A word-for-word copy of the data is what's wanted, with no pictures.

** Source information **

^^^^^^^^

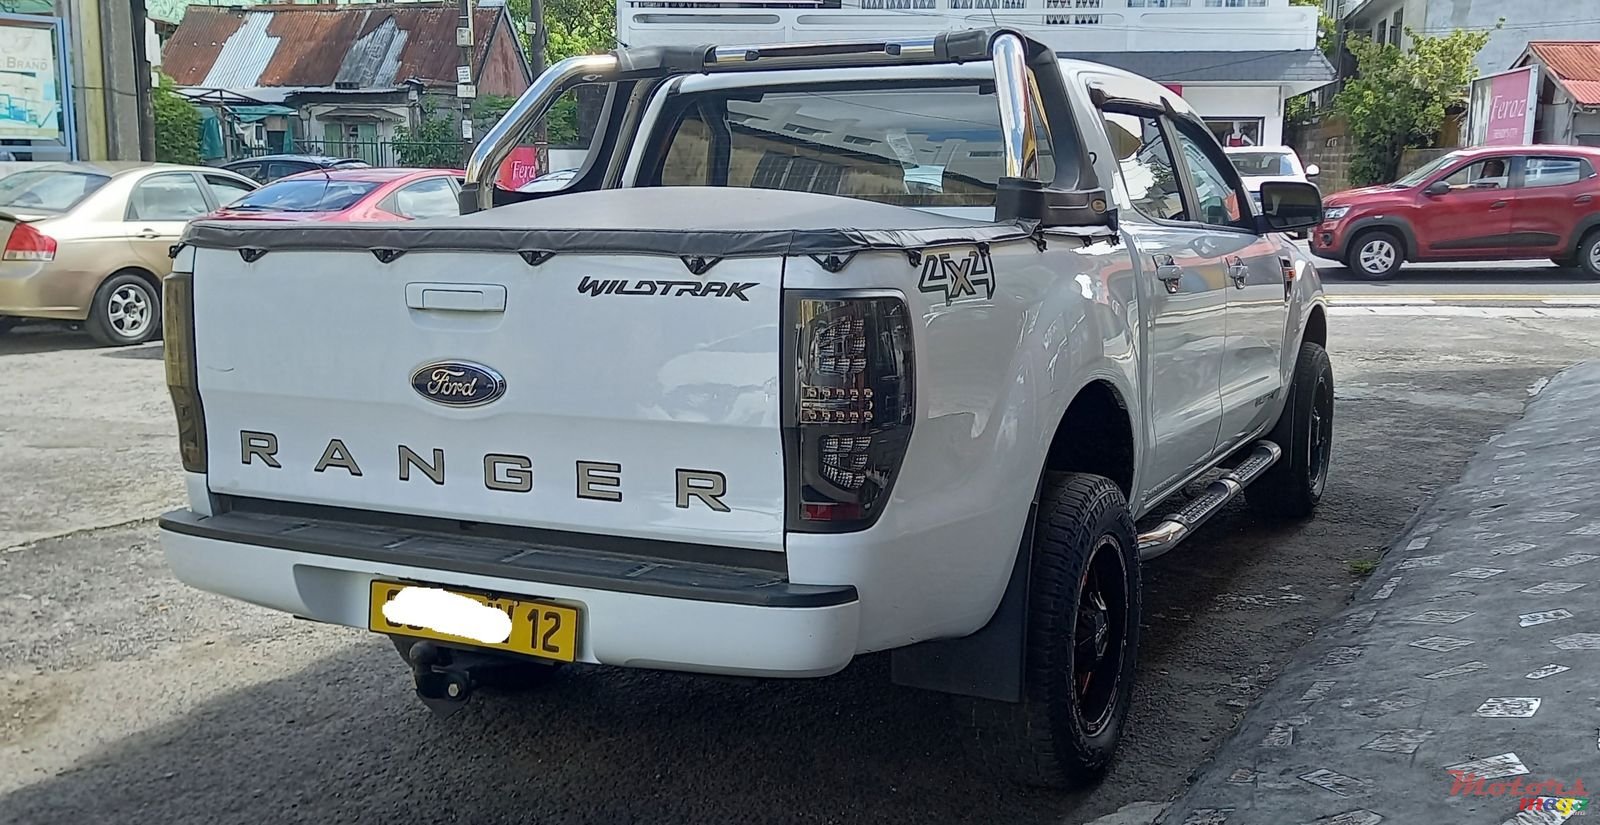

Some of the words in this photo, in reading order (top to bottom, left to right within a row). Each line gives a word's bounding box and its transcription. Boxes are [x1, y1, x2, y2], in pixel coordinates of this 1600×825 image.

[1490, 95, 1527, 123] Feraz
[511, 160, 536, 181] Fera
[577, 275, 761, 302] WILDTRAK
[426, 368, 478, 397] Ford
[240, 429, 732, 513] RANGER
[527, 608, 562, 653] 12

^^^^^^^^

** Result **
Some of the words in this photo, in reading order (top to bottom, left to right within a row). Each line gives a word's bounding box and its transcription. Boxes are [x1, y1, x2, y2], in pixel coordinates of this 1600×825 image.

[1490, 95, 1527, 123] Feraz
[511, 160, 536, 181] Fera
[577, 275, 761, 302] WILDTRAK
[426, 368, 478, 397] Ford
[240, 429, 732, 513] RANGER
[527, 608, 562, 653] 12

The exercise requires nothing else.